Tenho certeza que agora essas mesmas ações, e outras ações potencialmente piores, vão insuflar os movimentos sociais e que o governo Temer terá em sua oposição ferrenha, movimentos sociais organizados, sem estarem ligados à base do governo ou do partido no poder. Esse resgate e descooptação dos movimentos sociais organizados tem tudo para que enquanto oposição se realinhem aos princípios e não tenham que constrangidamente defender políticas opostas aos seus valores.

E vamos torcer e lutar para que Temer não criminalize esses movimentos sociais de oposição quando estiverem na rua, como a Dilma fez.

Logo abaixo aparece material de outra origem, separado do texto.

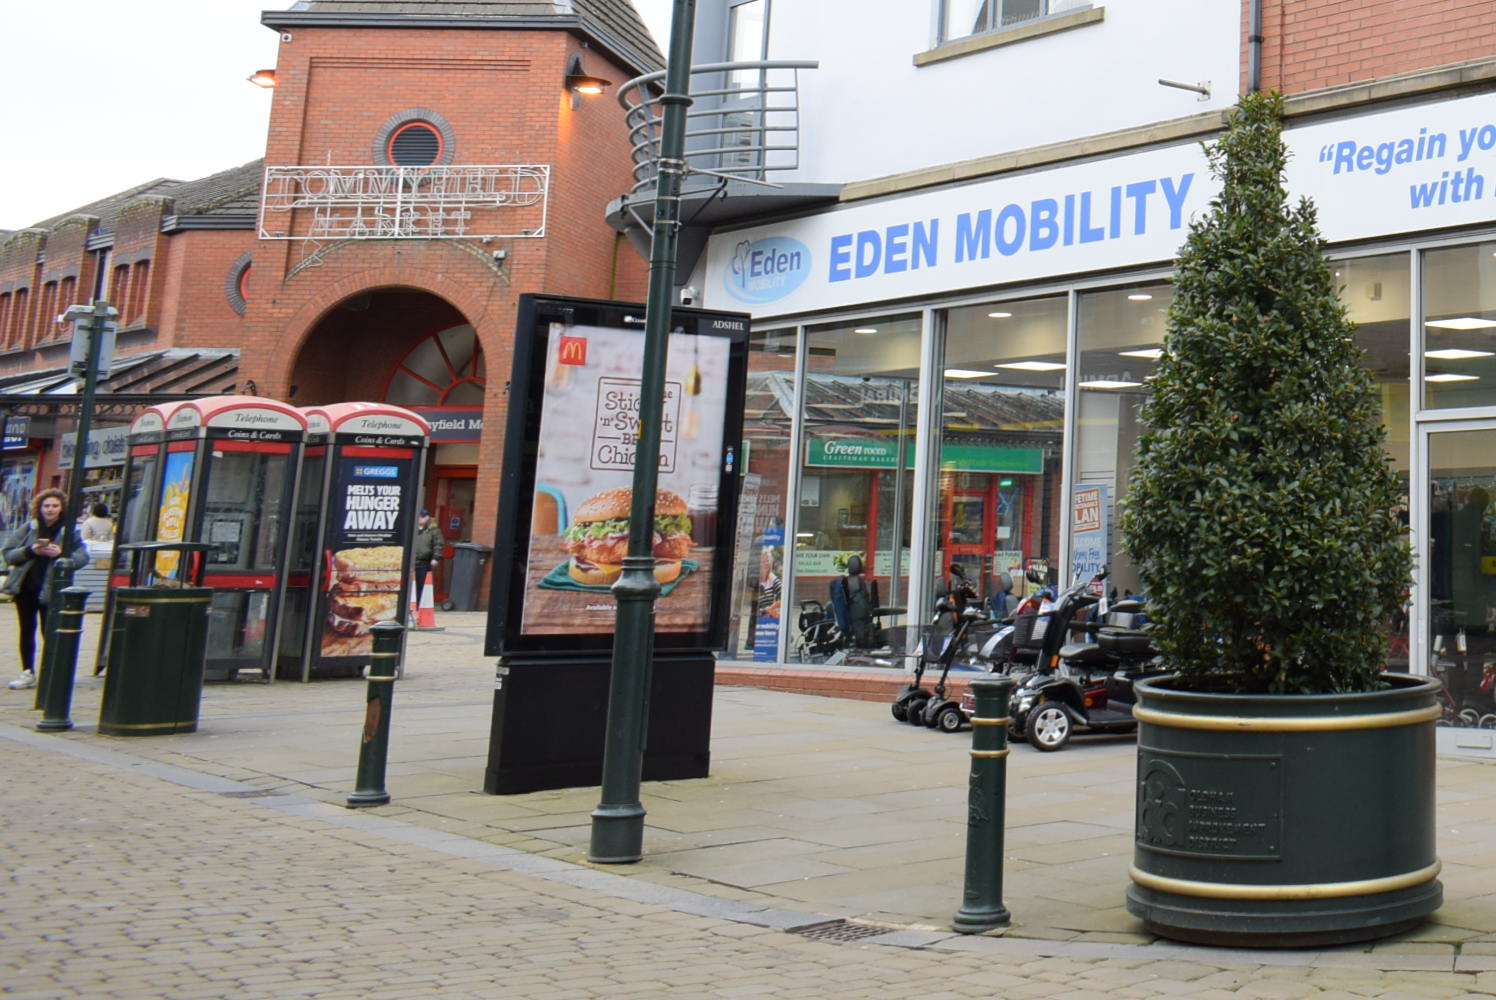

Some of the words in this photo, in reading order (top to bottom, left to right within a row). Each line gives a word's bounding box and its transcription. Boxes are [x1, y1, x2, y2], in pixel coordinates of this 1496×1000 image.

Isso tudo fora a falta de aestheticspara essa nova marca. Se nenhuma outra união é possível, ao menos os memes unem o Brasil.

Já a união política é uma proposta quase utópica, mas não é necessária a união em torno de uma coisa só, isso é até perigoso, o que é necessário e falta à democracia brasileira é a compreensão e o diálogo. A compreensão de que quem gosta do PT não é necessariamente um petralha-safado-que-quer-instaurar-o-bolivarianismo-no-país e quem apoiou o impedimento da Presidenta não é necessariamente um golpista-coxinha-entreguista-que-não-quer-que-pobre-ande-de-avião.

Na minha perspectiva é preciso haver essa desmistificação e desdemonização do outro, para haver debate e diálogo, e o debate não é entre governantes e políticos. Mas entre nós aqui mesmo, do andar de baixo, enquanto a galera do andar briga para escolher a empresa de qual miga vai ganhar mais crédito via BNDES, a gente precisa debater entre nós, para que a consigamos fazer as mudanças reais, de baixo pra cima, e não via as tais sedutoras canetadas.